BREEDING FOR PRODUCTION...EGGS AND OR MEAT.

George what I removed was that in horses all the mare owners can only g=breed to the selected stallions to make improvement-- no one is isoliated in theis method. SO if someone has a good cock bird, with some money most people could get some of that bloodline. Long ago the production of these heritage birds as food animals meant bloodlines were passed around a lot. Now a days we are isolated breeders of chickens but in fact would benefit greatly by creating a network of like minded breeders of that particular breed.

Which is why I am going witht he spiral or rotational method in the buckeyes, as I can minimize the effect of my errors in the early years, and have several resources to reach out to for both advice and stock.
You are talking about an established breed with established breeders now. Before the discussion was a project, and my comment was that it would take the right people. Even more so with a project because of the variability and the lack of a defined standard. We argue about what is right wit a breed that is 100 years old. I am not saying it cannot be done. Just that it would take the right person. Personally, I would rater get tem right before I shared them. No one has the same vision.

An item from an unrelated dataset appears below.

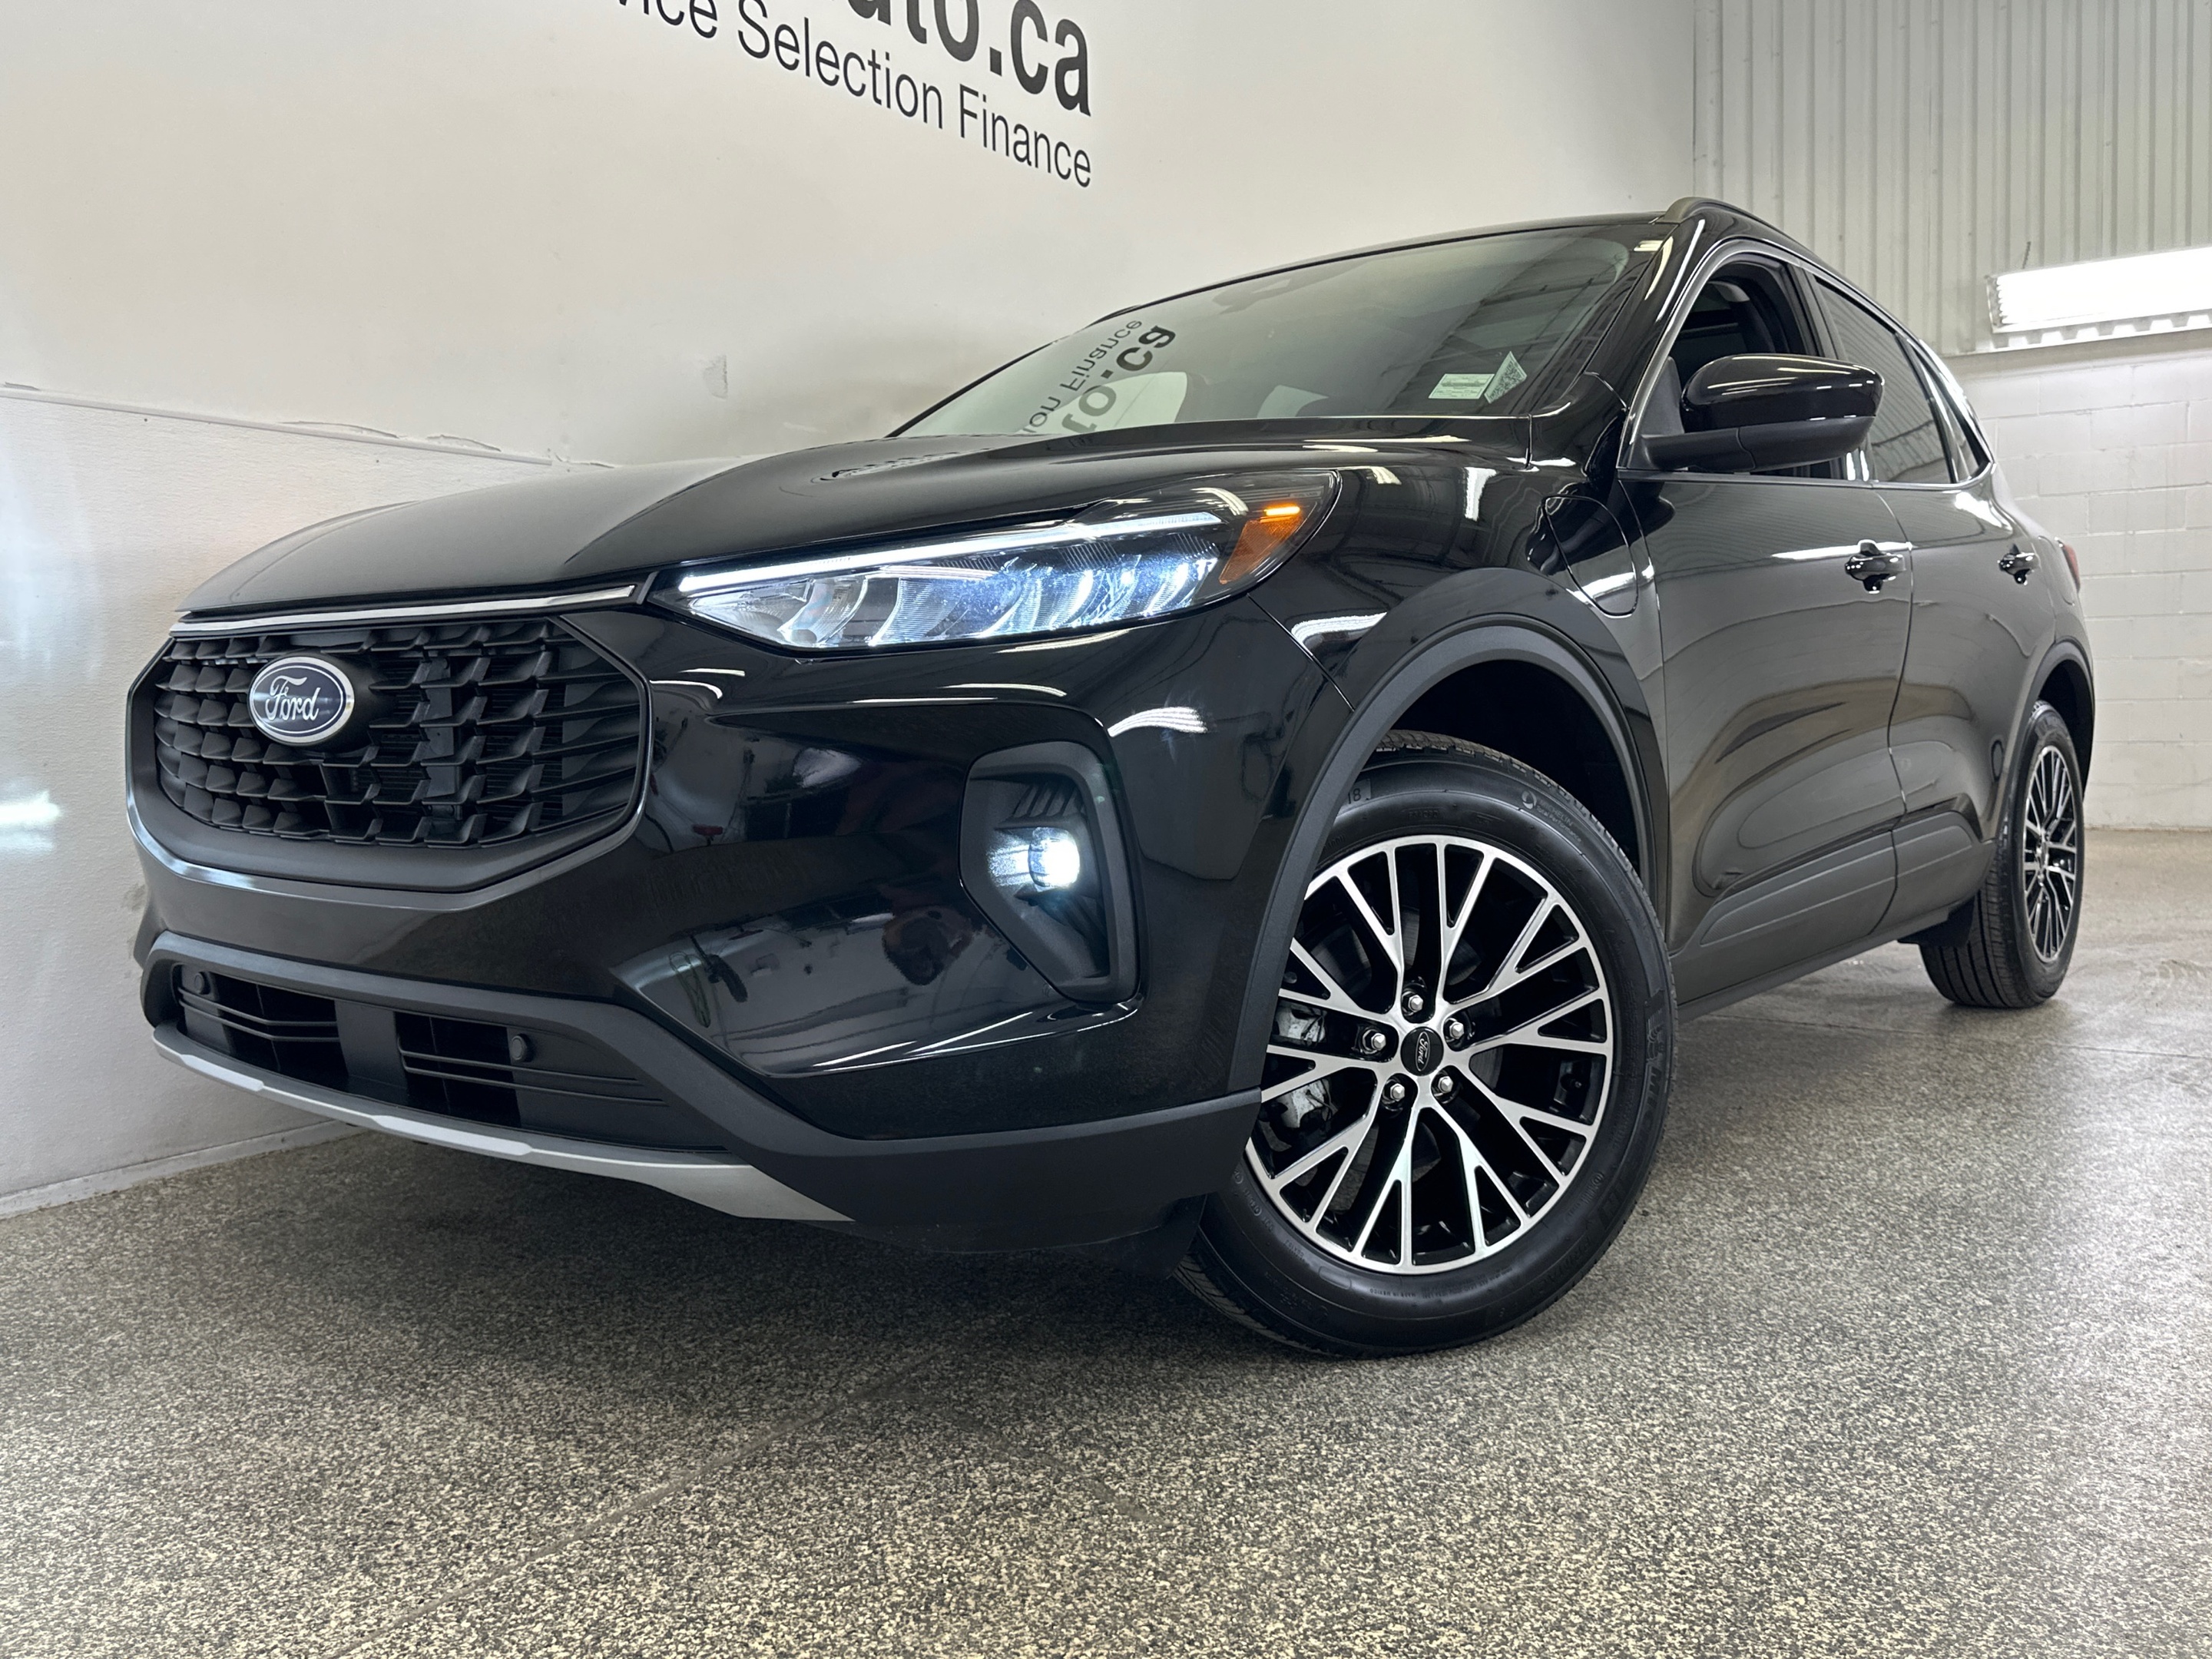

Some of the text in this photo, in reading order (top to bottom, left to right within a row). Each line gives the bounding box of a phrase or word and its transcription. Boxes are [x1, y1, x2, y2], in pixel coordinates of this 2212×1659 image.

Personally, I would rather go my own way. If I had Buckeyes, a breed tat is in good shape for now, I would purchase a pullet or two when I felt like needed it. Who had the birds that had what I needed, would be who I was calling. That is all the interconnectivity that I would want or need.

I am not saying you are wrong, just my opinion on the topic. I will go down my own path.

When everyone goes the same way, everyone goes the wrong way.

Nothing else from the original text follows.